What the exercise asks:
I would like the entries transcribed word for word, please, with the pictures removed.

Supplied records:
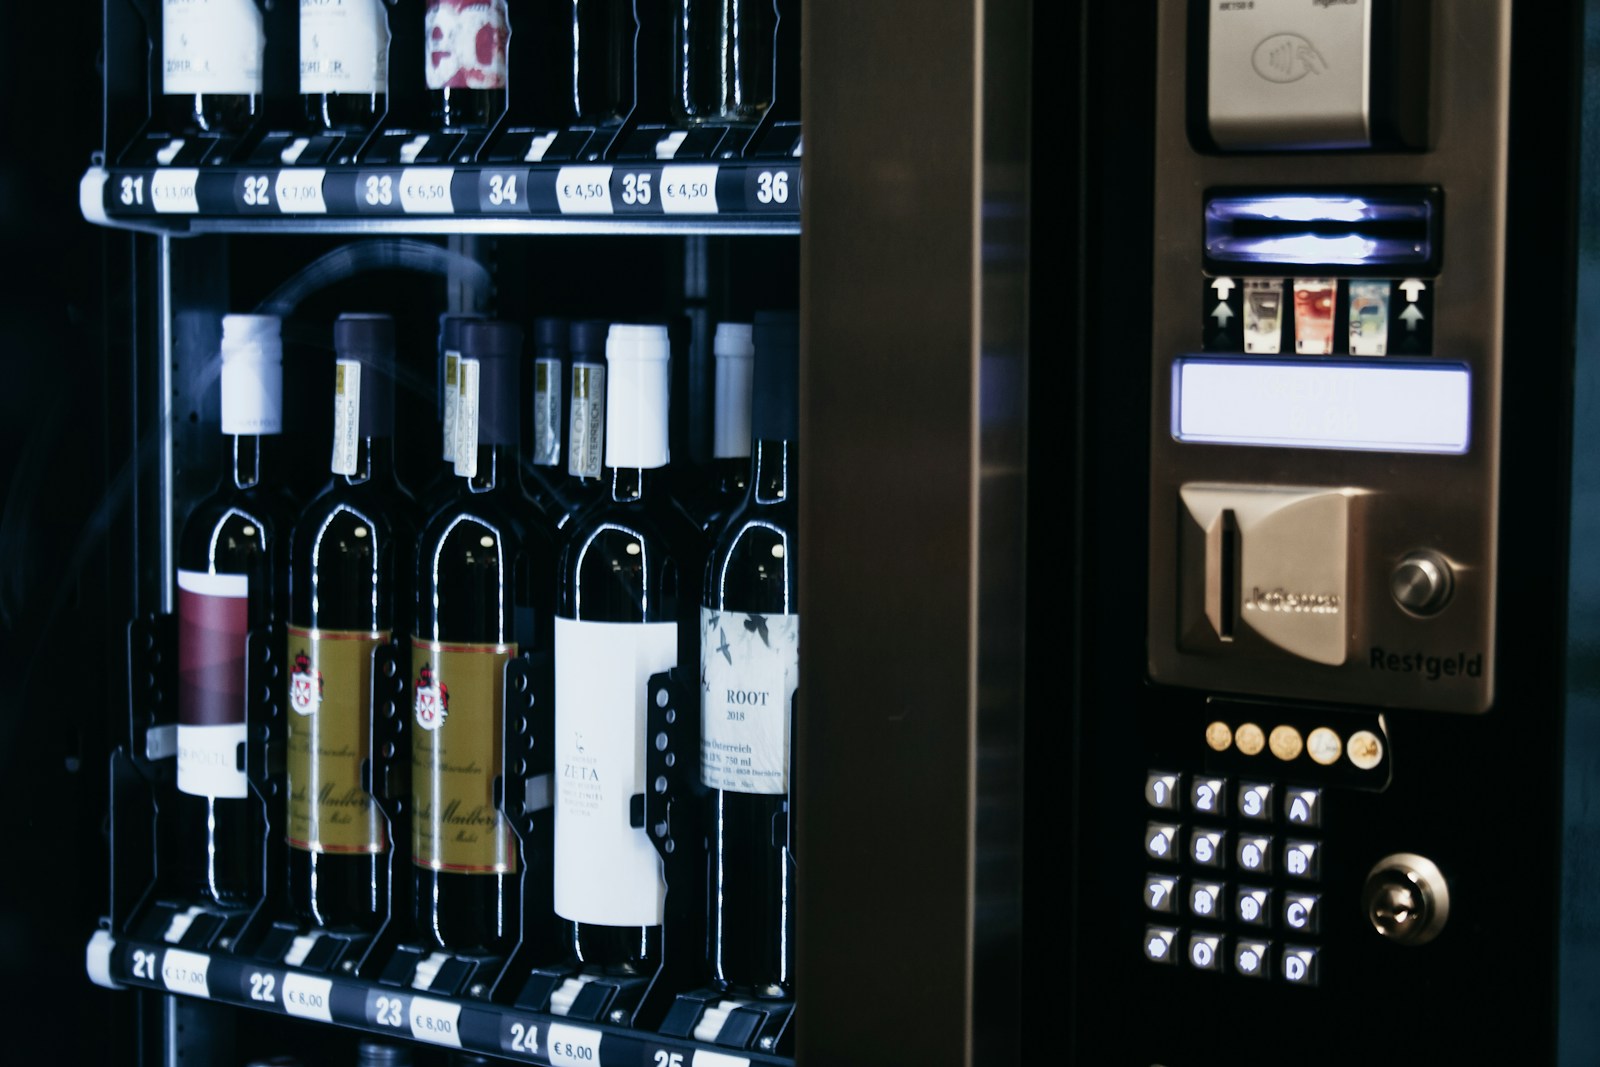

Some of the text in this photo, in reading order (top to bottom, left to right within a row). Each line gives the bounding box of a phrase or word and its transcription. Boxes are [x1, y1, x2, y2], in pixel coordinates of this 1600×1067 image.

[120, 175, 144, 206] 31
[243, 175, 269, 205] 32
[282, 185, 316, 199] € 7,00
[365, 175, 393, 205] 33
[407, 185, 444, 199] € 6,50
[489, 174, 518, 205] 34
[563, 184, 603, 199] € 4,50
[622, 173, 652, 205] 35
[667, 183, 708, 199] € 4,50
[757, 171, 789, 204] 36
[585, 403, 599, 472] ÖSTERREICH
[1370, 649, 1483, 681] Restgeld
[726, 689, 770, 707] ROOT
[726, 711, 746, 722] 2018
[711, 738, 752, 754] Österreich
[564, 764, 600, 782] ZETA
[740, 757, 752, 767] ml
[1153, 781, 1307, 822] 1 2 3 A
[1150, 832, 1168, 856] 4
[1195, 837, 1213, 863] 5
[1150, 884, 1307, 928] 7 8 9 C
[132, 950, 156, 981] 21
[1193, 942, 1212, 967] 0
[1286, 955, 1305, 980] D
[175, 970, 205, 986] 17,00
[250, 973, 276, 1003] 22
[289, 991, 323, 1008] € 8,00
[376, 996, 402, 1028] 23
[416, 1016, 452, 1033] € 8,00
[511, 1023, 539, 1054] 24
[554, 1042, 593, 1060] € 8,00
[654, 1049, 684, 1067] 25

Your solution:
Some of the text in this photo, in reading order (top to bottom, left to right within a row). Each line gives the bounding box of a phrase or word and its transcription. Boxes are [x1, y1, x2, y2], in pixel coordinates of this 1600×1067 image.

[120, 175, 144, 206] 31
[243, 175, 269, 205] 32
[282, 185, 316, 199] € 7,00
[365, 175, 393, 205] 33
[407, 185, 444, 199] € 6,50
[489, 174, 518, 205] 34
[563, 184, 603, 199] € 4,50
[622, 173, 652, 205] 35
[667, 183, 708, 199] € 4,50
[757, 171, 789, 204] 36
[585, 403, 599, 472] ÖSTERREICH
[1370, 649, 1483, 681] Restgeld
[726, 689, 770, 707] ROOT
[726, 711, 746, 722] 2018
[711, 738, 752, 754] Österreich
[564, 764, 600, 782] ZETA
[740, 757, 752, 767] ml
[1153, 781, 1307, 822] 1 2 3 A
[1150, 832, 1168, 856] 4
[1195, 837, 1213, 863] 5
[1150, 884, 1307, 928] 7 8 9 C
[132, 950, 156, 981] 21
[1193, 942, 1212, 967] 0
[1286, 955, 1305, 980] D
[175, 970, 205, 986] 17,00
[250, 973, 276, 1003] 22
[289, 991, 323, 1008] € 8,00
[376, 996, 402, 1028] 23
[416, 1016, 452, 1033] € 8,00
[511, 1023, 539, 1054] 24
[554, 1042, 593, 1060] € 8,00
[654, 1049, 684, 1067] 25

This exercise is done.